The first major movement of population under Mao was a rapid wave of rural-urban migration. Spanning the years 1949 to 1960, this process saw large numbers of rural Chinese attempt to break into booming new industries in the cities. The earliest state-organized migration, meanwhile, was the sending of cadres from the “old liberated areas” of the north to “go down south” with the advancing PLA in 1949. The goal was to establish control in the “newly liberated areas,” where activists and party members were few. Incomplete statistics suggest that over 130,000 cadres were sent out, while 400,000 family members also went south with the army.Footnote 49 These people often struggled to communicate with local rural communities due to language differences. Between 1952 and 1958, more than 379,000 migrants, mainly from Shandong, went to Heilongjiang in the far north to open up uncultivated land or to work in industry. Major infrastructure projects such as the construction of reservoirs and hydroelectric power plants led to the displacement of about 5.68 million people in the first three decades of the PRC.Footnote 50

The Great Leap Forward also led to a massive wave of rural-urban migration in 1958. This was partly uncontrolled and unwanted by central authorities, partly a result of labor recruitment by work units to meet their ambitious new targets. During the famine, millions tried to escape to less badly affected regions, some to nearby provinces and counties, and others to Xinjiang or the north-east. In order to stabilize the economy and the distribution system in aftermath of the famine, the government sent over 26 million people from cities and towns to the countryside between late 1960 and 1963.Footnote 51 Between 1963 and the early 1970s, millions of workers, along with equipment, resources and factories, were transferred from the east coast to western China in order to build the so-called “Third Front,” designed to minimize industrial losses in the event of an attack on the coastal cities. In 1966, during the early Cultural Revolution, hundreds of thousands of people with a bad class status were deported from the cities and forced to settle in the countryside. Red Guards organized these deportations with the support of Public Security Departments in order to “cleanse” the cities of “non-proletarian elements.” According to official statistics, between July and October of 1966, 397,400 “ox ghosts and snake demons,” as these people were called, were deported from cities across the country.Footnote 52 Starting from late 1968, the government intensified its program of sending “urban youths” down to the countryside. Over the course of the Cultural Revolution, in excess of 16 million people were “sent down” in this way.Footnote 53

These numbers suggest it would be wrong to imagine Maoist China as a society with a static population. The factors underlying internal migration in the PRC, however, owed less to economics than to state policies. The state’s motives in instigating these migrations, and the popular responses to them, form a crucial part of the narrative of Maoist China. These and other social changes, and the classifications and conflicts that went with them, will be discussed in more detail in the following chapters.

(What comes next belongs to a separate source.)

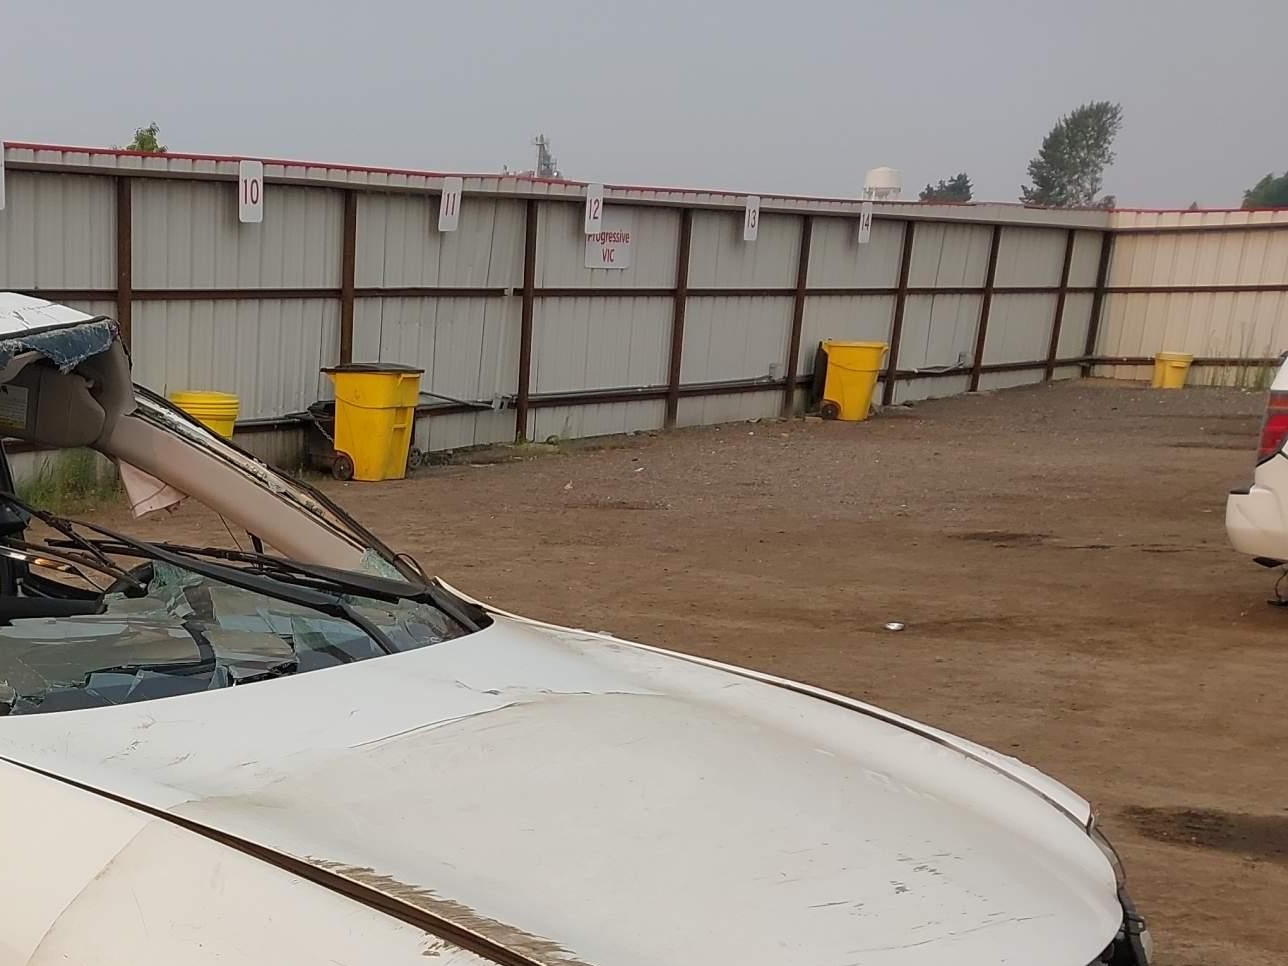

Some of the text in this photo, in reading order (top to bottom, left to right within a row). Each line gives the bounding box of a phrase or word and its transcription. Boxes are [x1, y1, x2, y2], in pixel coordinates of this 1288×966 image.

Document 1.1 Class status registration form (1966).

First production team, Dingxing zhuang production brigade, Dong Village commune, Xin County, Shaanxi Province

Name of householderGenderMaleFamily OriginMiddle peasantFamily sizePopulation at home3
Age63
Wang YinquanNationalityHanPersonal statusUrban poorPopulation outside home1
Family economic conditionsDuring Land ReformBefore Land Reform, the household made vinegar in the towns. They could hardly make a living and went back home after Land Reform (in 1948 and 1949). They made a living afterwards with three rooms and eight mu of land that their elderly parents gave to them.
During the advanced cooperativeDuring the advanced cooperative, the household possessed eight mu of land and three rooms. Nothing else.
At presentThe household currently possesses three rooms and eight fen of plots for private use. Nothing else.
Major family social relations and their political appearance
  • Wang Nongquan: Third younger brother, commune member of the first production team.

  • Wang Runquan: Second younger brother, commune member of the second production team.

  • Wang Gaozhuan: Sister, Dong Village

Description of family history
  • [Wang’s] grandfather was a farmer his whole life (both for himself and others).

  • After his father died around 1913, he began to participate in agricultural labor at the age of 10. He went to Feng Town in Inner Mongolia to make vinegar in 1921 (at age 18). Due to economic depression in his business after 1943, he survived by selling his property (the equipment to make vinegar). When he could no longer earn a living, he returned home in 1948. Before 1943, he was running a self-sufficient vinegar business in Feng Town.

  • From 1951–1963, he successively engaged in the vinegar business in Taiyuan, Sanmenxia and Kaifeng in Henan, until he retired and went back home. During this period, his wife and children stayed in his home village. The household has lived in the commune since 1963.

Remarks
Signed: Chen written in May 1966

Profile of family members

NameWang YinquanSun HuaWang Shuangbao
Relation to head of householdHead of householdWifeSon
SexMaleFemaleMale
Age635222
NationalityHanHanHan
Family originMiddle peasantPoor peasantMiddle peasant
Personal statusUrban poorUrban poorStudent
EducationPrimary schoolIlliterateJunior high school
ReligionNoNoNo
Commune memberYesYesNo
Current occupation and dutyCommune memberCommune memberSoldier
Member of revolutionary organizationsNoneNoneCommunist Youth League
Member of reactionary organizationsNoneNoneNone
Rewards and punishmentsRewarded for making vinegar after liberationNoneFive-good soldier
Main experiences and political performanceAt the age of 18, he went out and made vinegar till the age of 45. He made vinegar again from age 47 to 60. His political performance is very progressive.
  • Married in 1933 and made vinegar with her husband. She returned home for farming in 1949.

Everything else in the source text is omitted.